Aim of the task:
Write out each record below exactly, without pictures.

Start of Recorded information

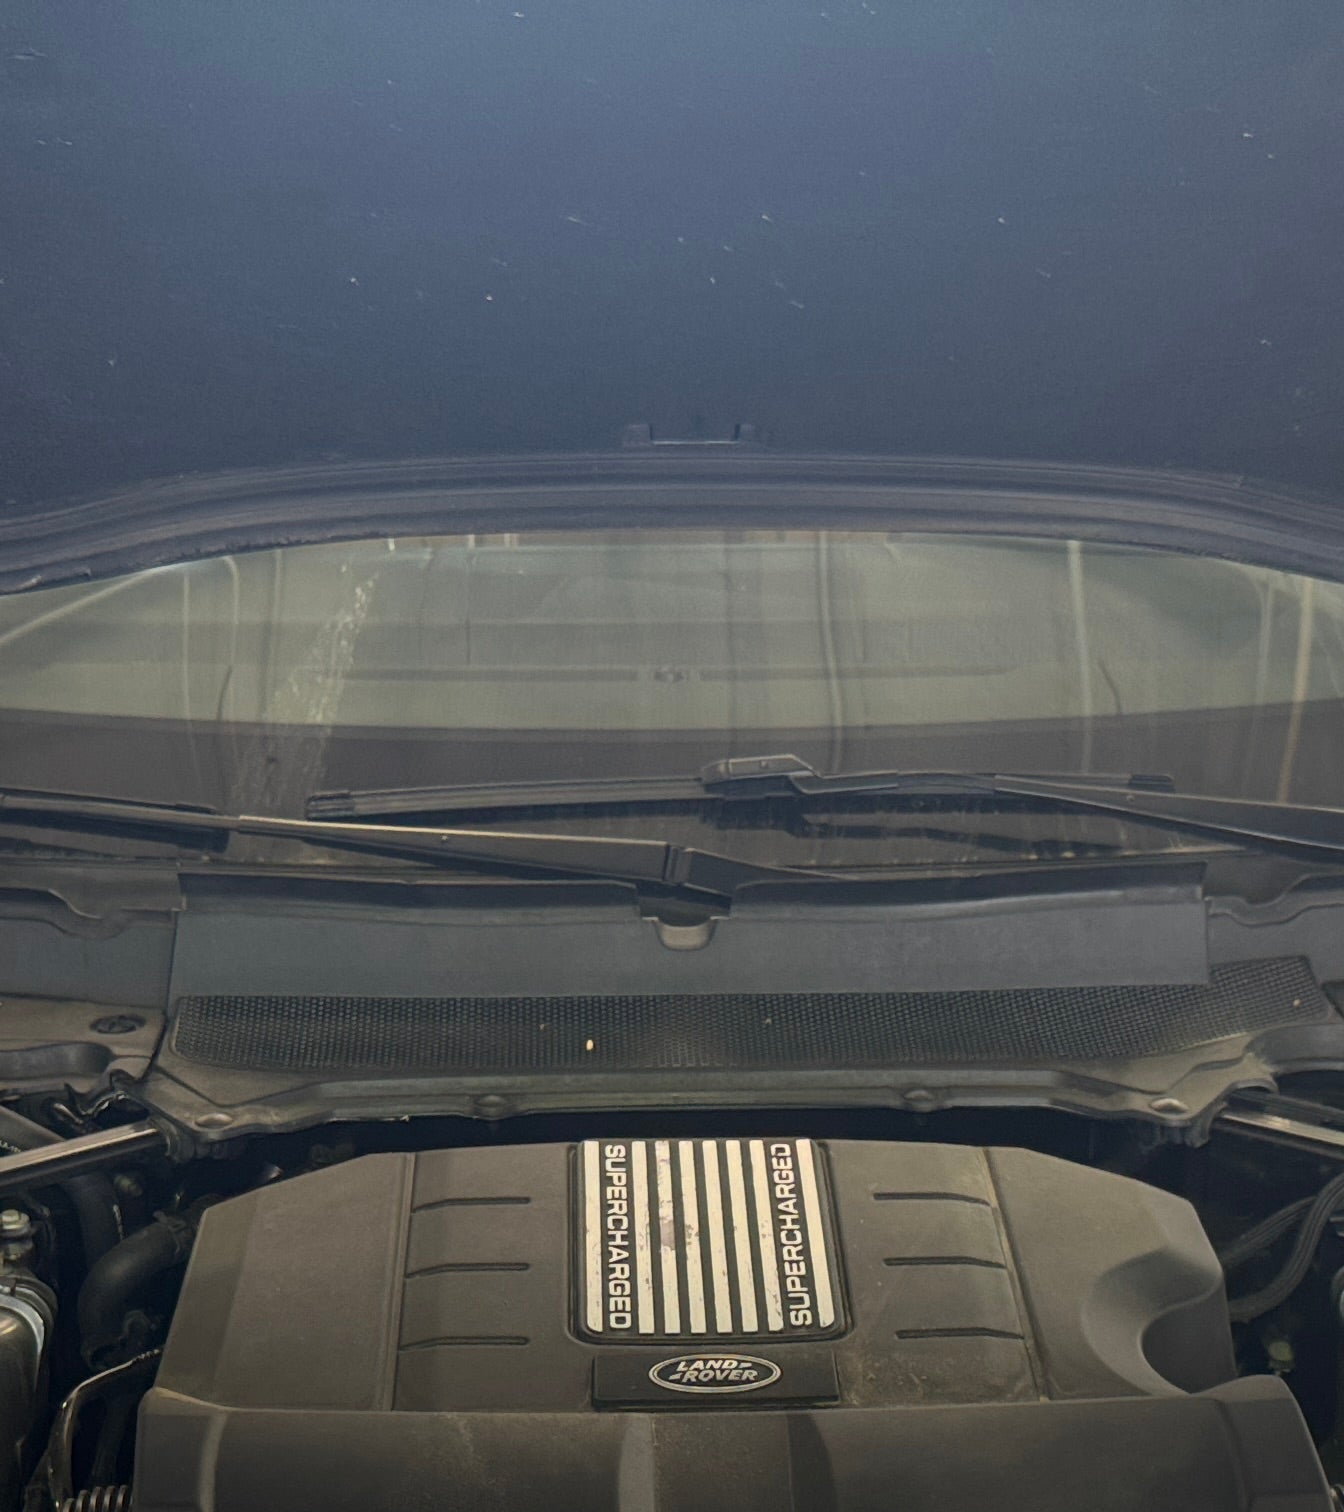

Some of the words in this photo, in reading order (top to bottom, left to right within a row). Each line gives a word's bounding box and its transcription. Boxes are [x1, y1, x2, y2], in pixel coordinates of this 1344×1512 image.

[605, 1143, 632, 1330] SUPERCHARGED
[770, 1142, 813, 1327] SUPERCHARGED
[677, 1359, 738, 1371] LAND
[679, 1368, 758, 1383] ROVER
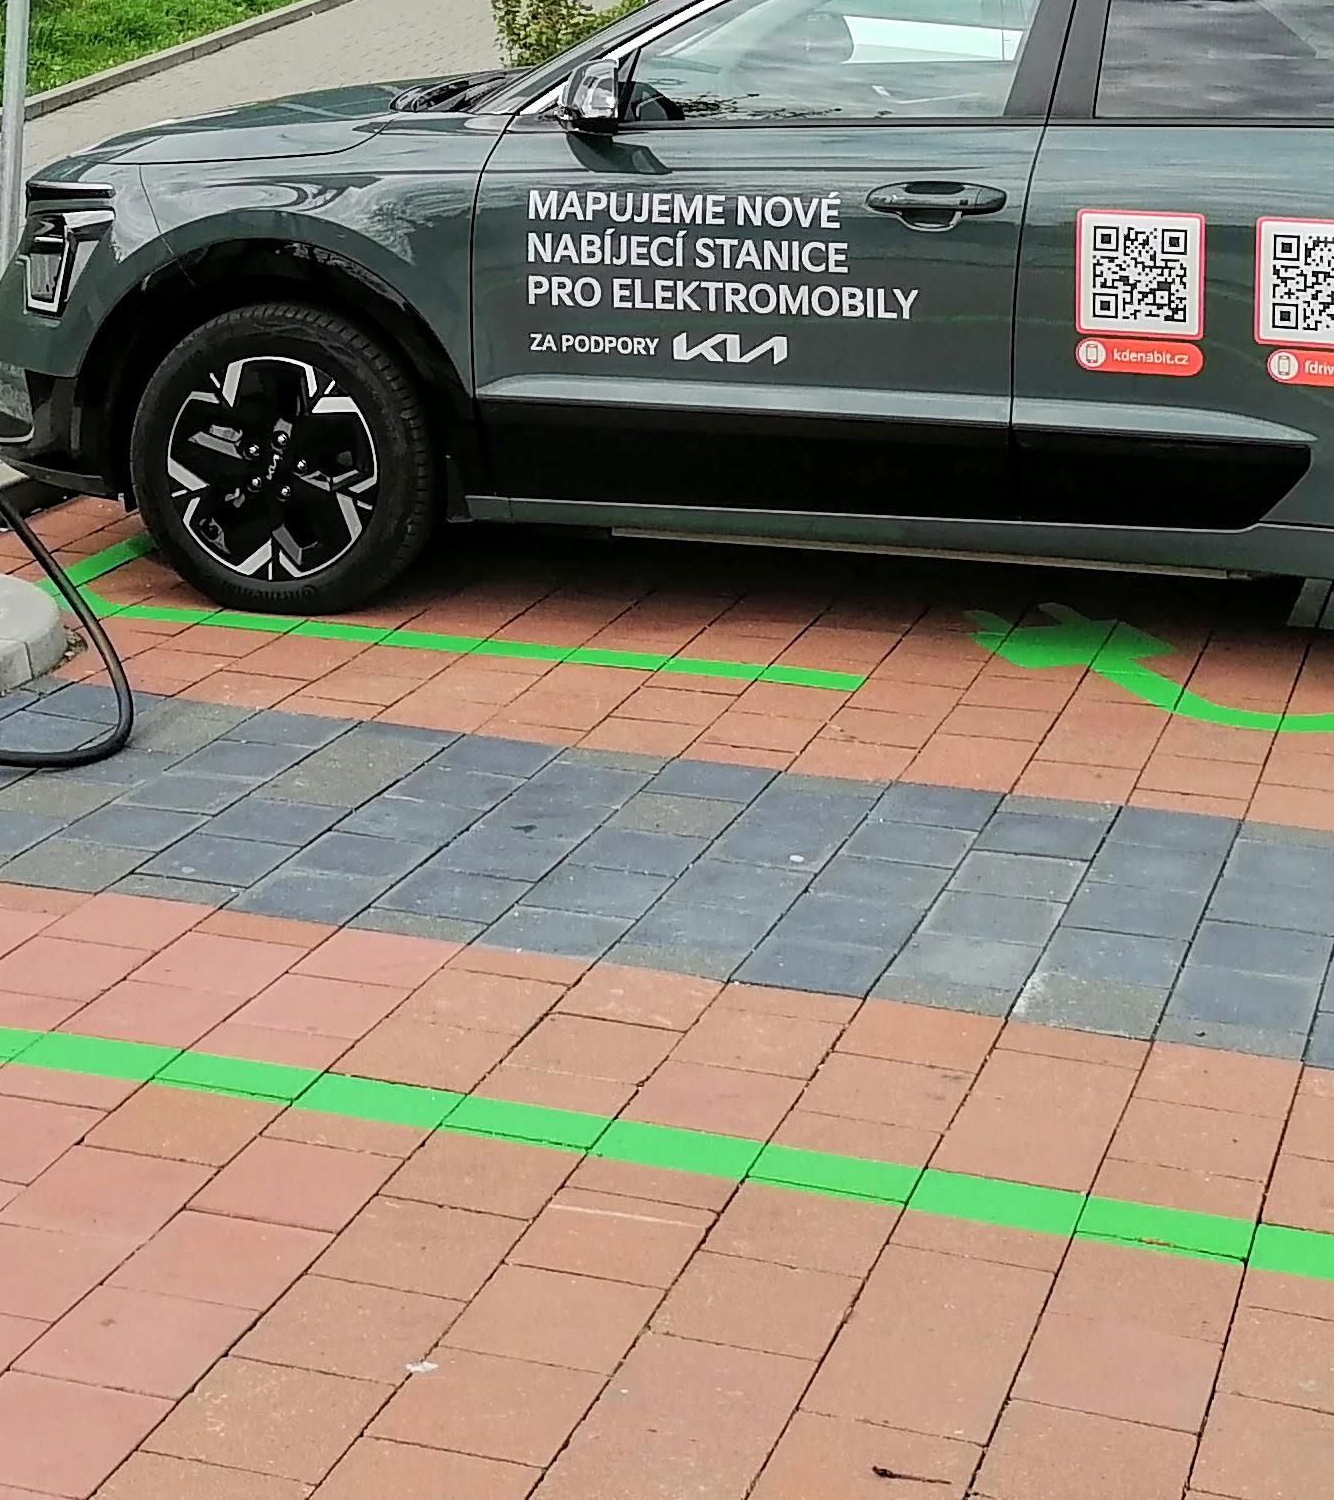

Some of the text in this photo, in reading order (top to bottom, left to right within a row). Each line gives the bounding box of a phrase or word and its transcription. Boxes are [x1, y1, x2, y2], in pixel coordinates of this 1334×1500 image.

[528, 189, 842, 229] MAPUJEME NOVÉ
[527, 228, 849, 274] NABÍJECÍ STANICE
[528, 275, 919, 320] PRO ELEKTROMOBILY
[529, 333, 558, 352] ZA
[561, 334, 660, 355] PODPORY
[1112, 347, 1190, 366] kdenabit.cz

End of Recorded information

Task response:
Some of the words in this photo, in reading order (top to bottom, left to right within a row). Each line gives a word's bounding box and its transcription. Boxes are [x1, y1, x2, y2], in pixel coordinates of this 1344×1512 image.

[605, 1143, 632, 1330] SUPERCHARGED
[770, 1142, 813, 1327] SUPERCHARGED
[677, 1359, 738, 1371] LAND
[679, 1368, 758, 1383] ROVER

Some of the text in this photo, in reading order (top to bottom, left to right within a row). Each line gives the bounding box of a phrase or word and its transcription. Boxes are [x1, y1, x2, y2], in pixel coordinates of this 1334×1500 image.

[528, 189, 842, 229] MAPUJEME NOVÉ
[527, 228, 849, 274] NABÍJECÍ STANICE
[528, 275, 919, 320] PRO ELEKTROMOBILY
[529, 333, 558, 352] ZA
[561, 334, 660, 355] PODPORY
[1112, 347, 1190, 366] kdenabit.cz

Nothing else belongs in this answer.